The rampant fearmongering about COVID-19 from the student body has progressed to the dismal situation we are at now: American University is online for the first three weeks of school. Many students argued this would not happen as they believed the school could not afford to change its modality. However, the administration has found the perfect compromise to maximize their profits. While dorms are open, there are no on-campus activities allowed, and dining options are reduced to to-go boxes that will inevitably be eaten in a student’s dorm. The school goes so far as to outright state that they “encourage students to remain at home.” The school’s statement also mentions “additional testing requirements” for vaccinated students, which will discourage many students from social interactions within dorms, lounges, or popular spots throughout the city. An in-person student at American University will likely wake up, attend Zoom calls, and eat within the same room for the entirety of this online period. Yet, students that decide to stay home due to the school’s encouraging will not see any housing reimbursement as the guidelines currently stand.

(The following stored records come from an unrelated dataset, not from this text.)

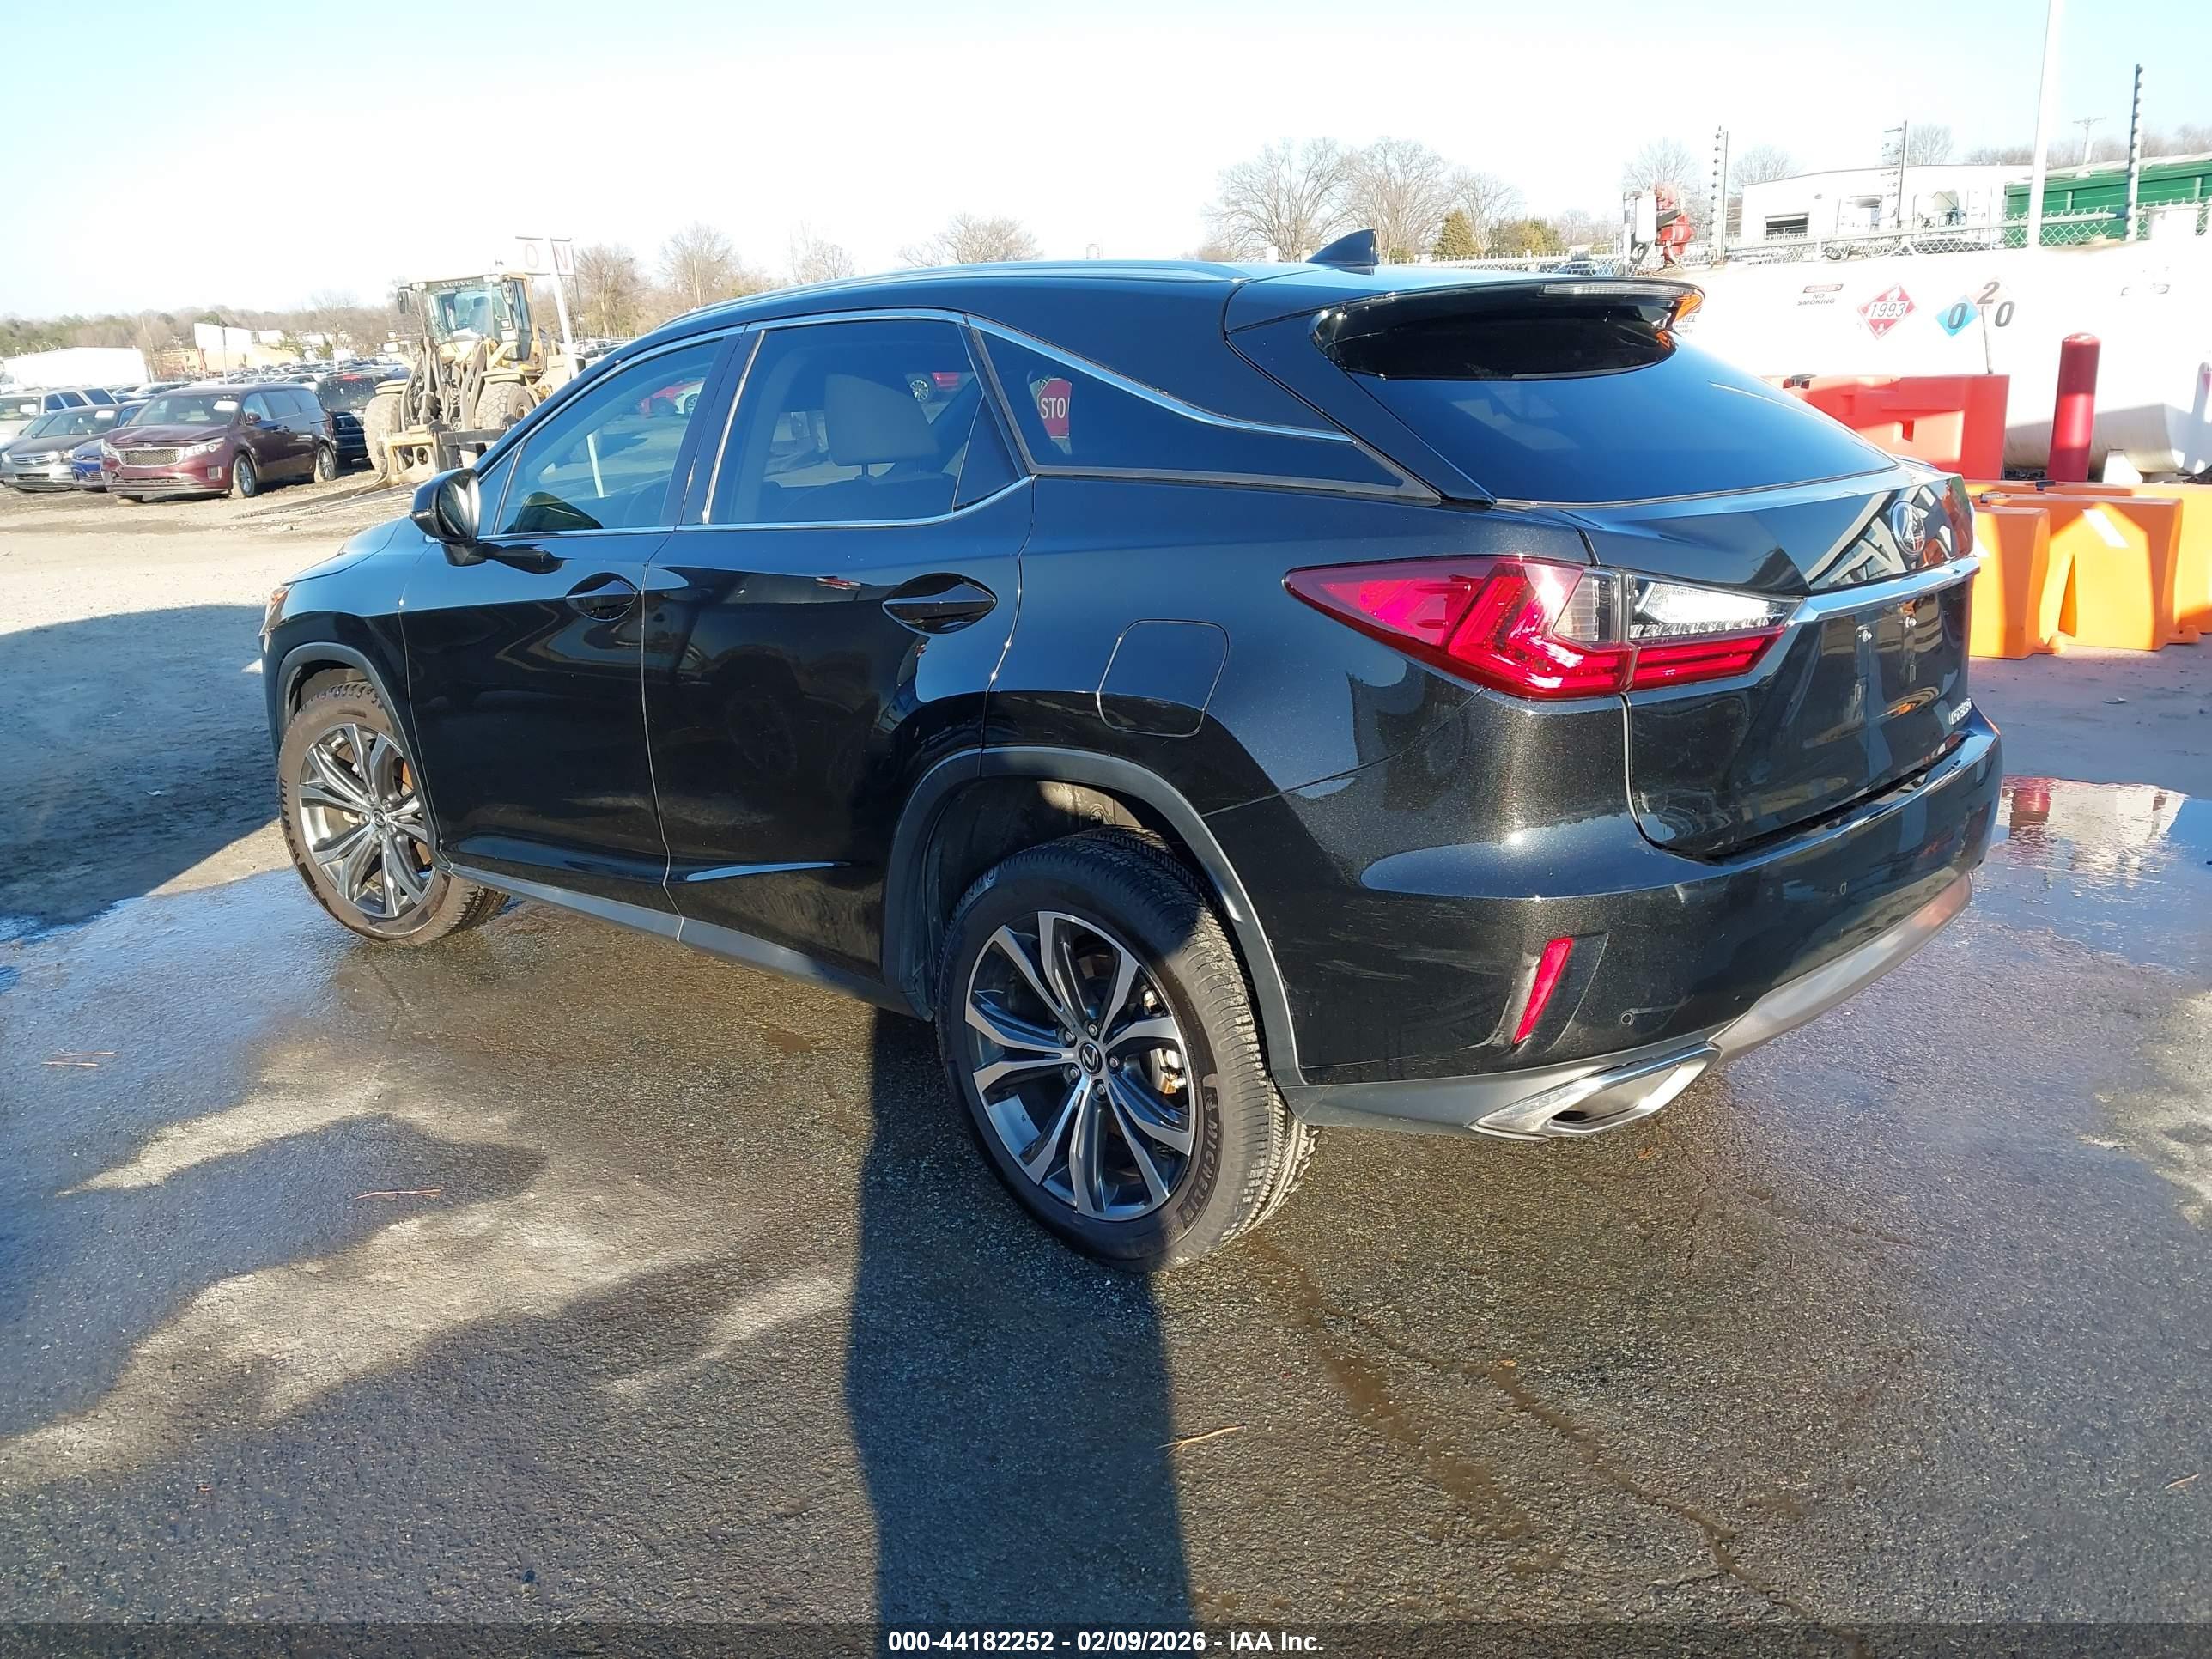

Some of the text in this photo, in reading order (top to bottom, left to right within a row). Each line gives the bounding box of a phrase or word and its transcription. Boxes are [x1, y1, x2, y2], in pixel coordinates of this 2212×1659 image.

[1797, 298, 1836, 307] SMOKING
[1976, 281, 2000, 305] 2
[1870, 302, 1906, 318] 1993
[1947, 302, 1968, 330] 0
[1994, 301, 2015, 328] 0
[1040, 397, 1070, 420] STO
[1182, 1118, 1218, 1224] MICHELIN
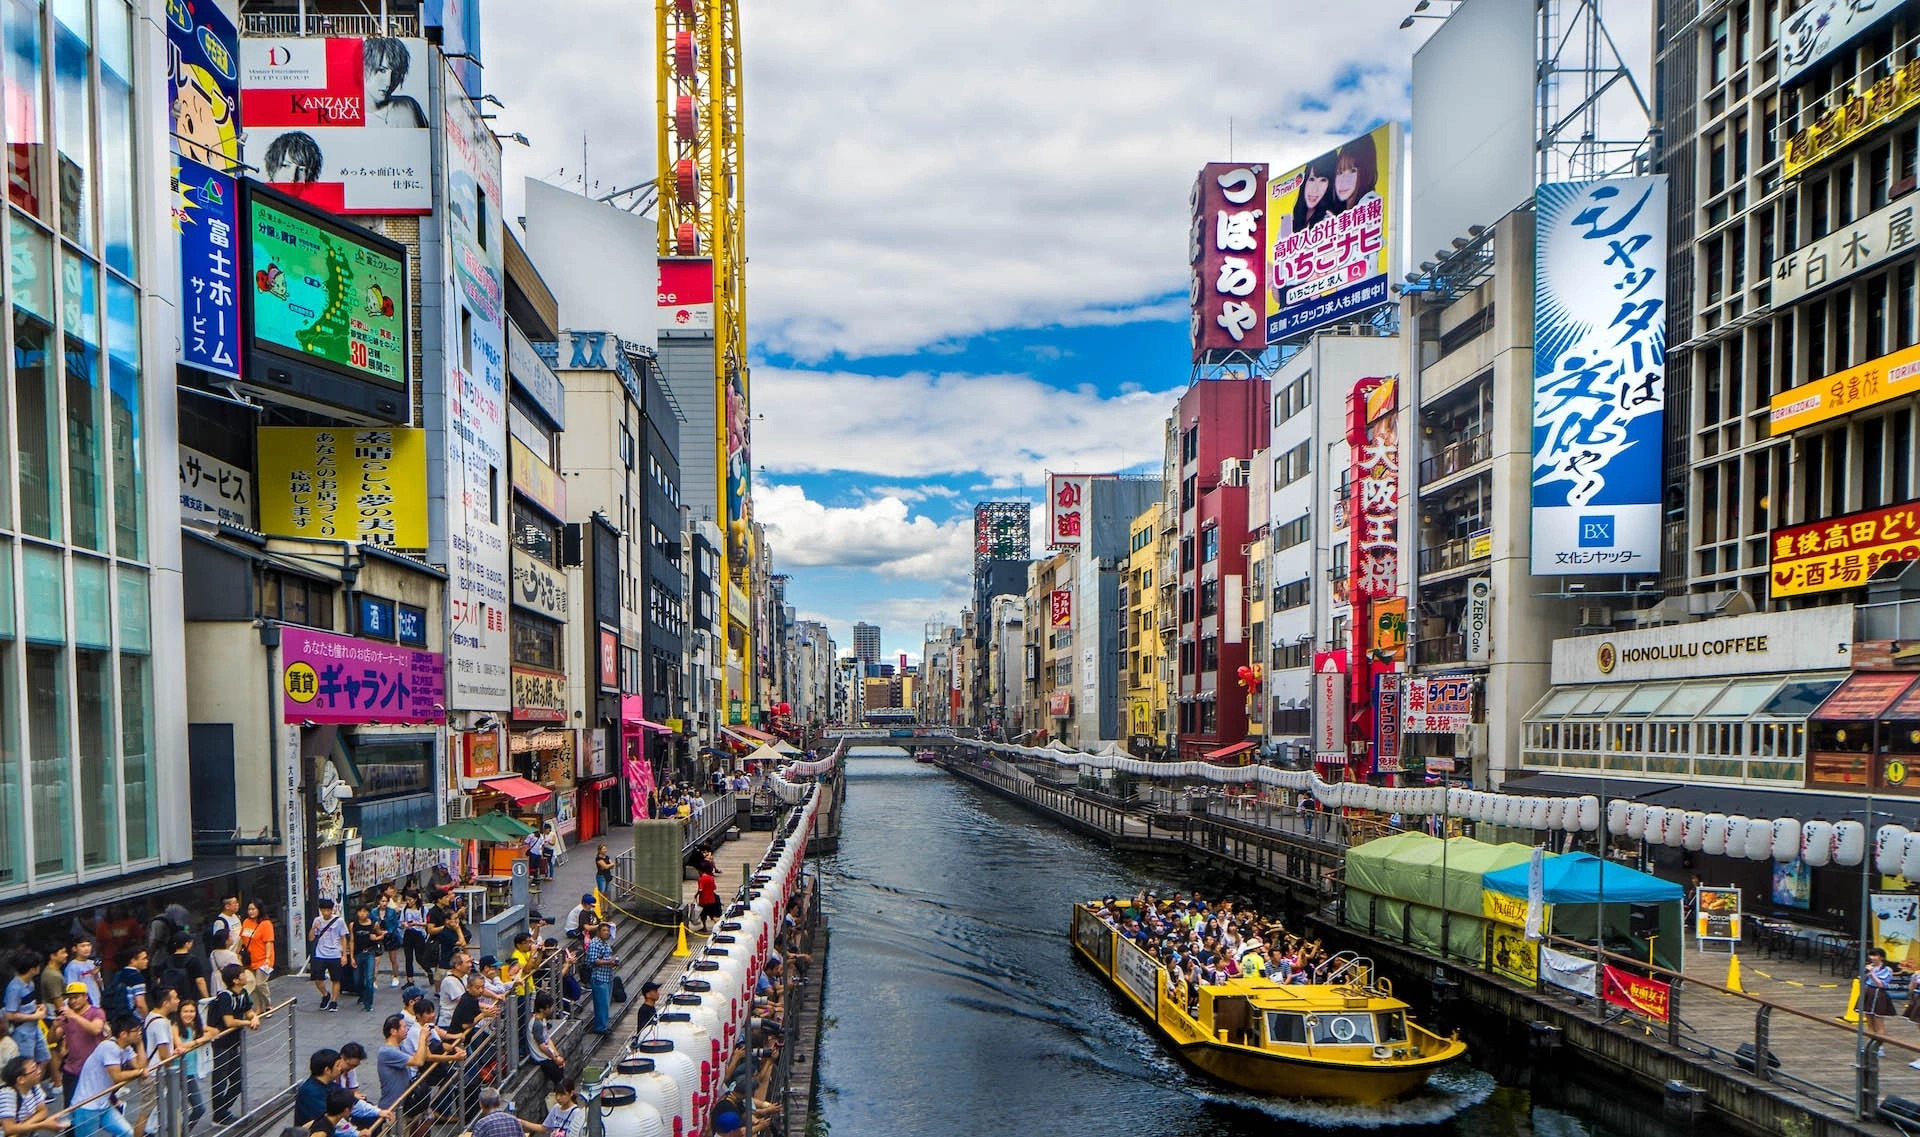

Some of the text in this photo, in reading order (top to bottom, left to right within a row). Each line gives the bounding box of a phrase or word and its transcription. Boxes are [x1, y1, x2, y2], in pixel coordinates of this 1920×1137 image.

[290, 94, 359, 113] KANZAKI
[317, 107, 360, 123] RUKA
[340, 167, 414, 177] めっちゃ面白いを
[393, 179, 424, 190] 仕事に。
[1273, 198, 1383, 260] 高収入お仕事情報
[1216, 164, 1263, 342] づぼらや
[1274, 218, 1382, 287] いちごナビ
[1776, 206, 1916, 290] 4F 白木屋
[207, 216, 234, 368] 富士ホーム
[1289, 274, 1343, 300] いちごナビ 求人
[190, 275, 207, 355] サービス
[351, 340, 367, 368] 30
[289, 471, 312, 528] 応援します
[316, 432, 337, 537] あなたのお店づくり
[353, 431, 397, 546] 素晴らしい夢の実現
[1359, 437, 1398, 597] 大阪王将
[1584, 523, 1610, 539] BX
[1795, 554, 1864, 588] 酒場
[369, 604, 379, 630] 酒
[453, 600, 478, 625] コスパ
[1053, 596, 1061, 620] ドラッグ
[1060, 592, 1069, 615] ツルハ
[1473, 600, 1484, 631] ZERO
[1621, 635, 1768, 663] HONOLULU COFFEE
[288, 671, 314, 694] 賃貸
[319, 663, 411, 710] ギャラント
[1409, 681, 1469, 712] 薬 ダイコク
[1383, 694, 1395, 735] ダイコク
[1425, 715, 1451, 731] 免税
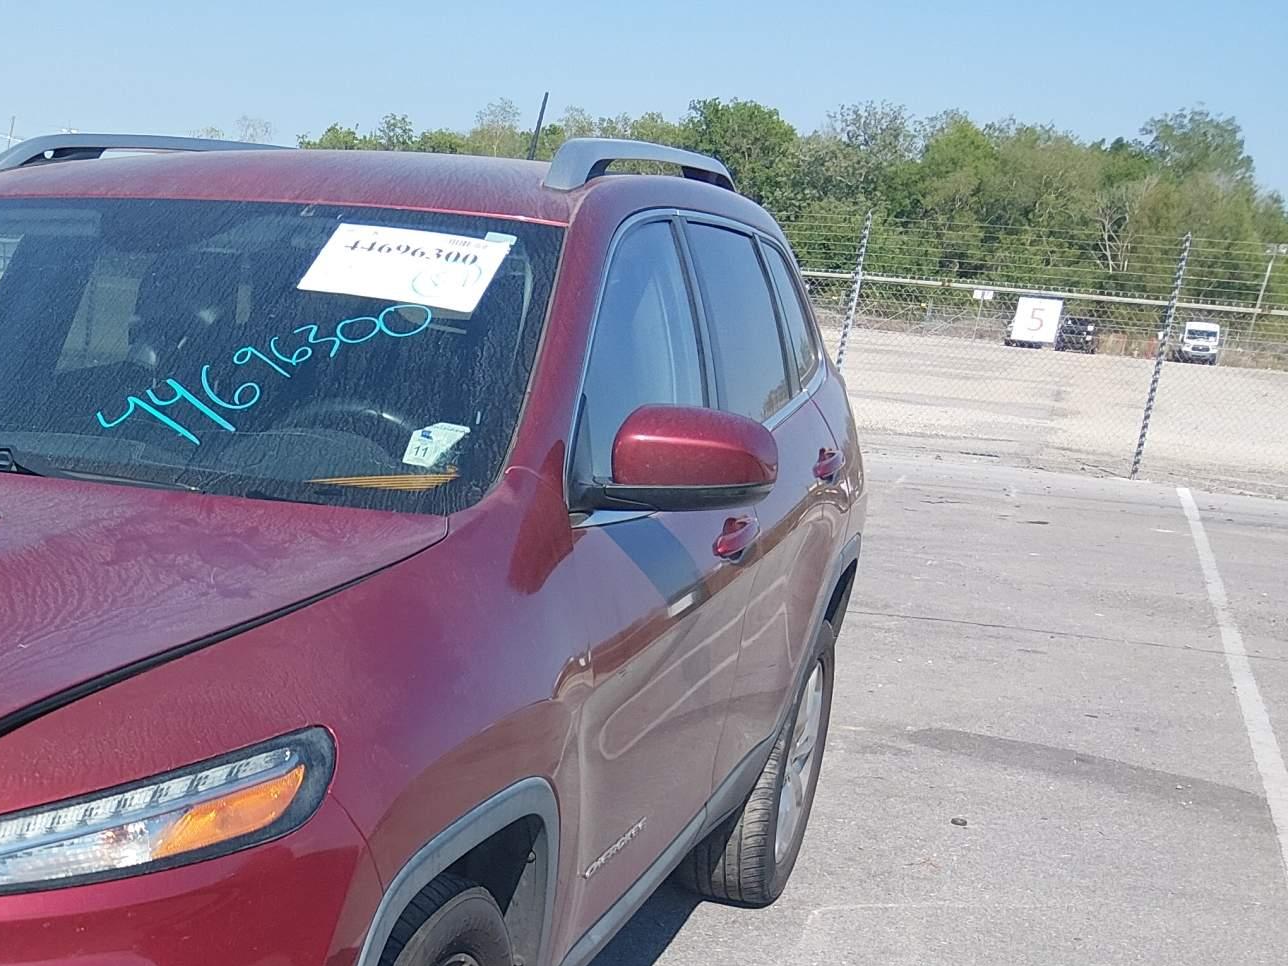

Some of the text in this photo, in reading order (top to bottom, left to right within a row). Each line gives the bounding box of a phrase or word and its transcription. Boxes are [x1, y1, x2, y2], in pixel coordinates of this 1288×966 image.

[344, 239, 478, 266] 44696300
[1027, 308, 1045, 331] 5
[96, 303, 431, 446] 44696300
[413, 445, 429, 458] 11

American University has created a “damned if you do, damned if you don’t” approach to COVID-19, and students — literally — are paying for it.
The situation of the pandemic is quite simple: vaccines largely prevent cases, masks largely prevent spread, and antiviral pills largely prevent hospitalizations. Booster shots keep vaccinated individuals up-to-date with their antibodies. American University already had the most effective tools for combatting the pandemic at its disposal before this new guidance. By moving the goalposts once more and deciding that these treatments are not enough for combatting COVID-19, one has to ask: What will be enough? More importantly, one has to analyze what is impacting their life at American University more: COVID-19 or the university’s overbearing response? From conversations with students in various organizations, such as (but not limited to) the Disabled Student Union, the SPA Undergraduate Council, and College Democrats, the answer is more of the latter than one would expect.
This issue, at its core, is not partisan, but the campus’ culture stifles any opposing viewpoint on the issue due to the perception of dissent being a threat to public health. This affects Republicans, Democrats, and independents equally, so long as they hold the dissenting opinion. The COVID-19 pandemic has resulted in some of the most advanced medical treatments in modern America and the pandemic has yet to regress to March 2020 levels. The American University administration and student body must face the truth: COVID-19 is not a net-zero game, but we have the tools to minimize the virus’ impact as much as possible. Until this reality is recognized, the university administration will continue to be the largest barrier to a return to normalcy on campus.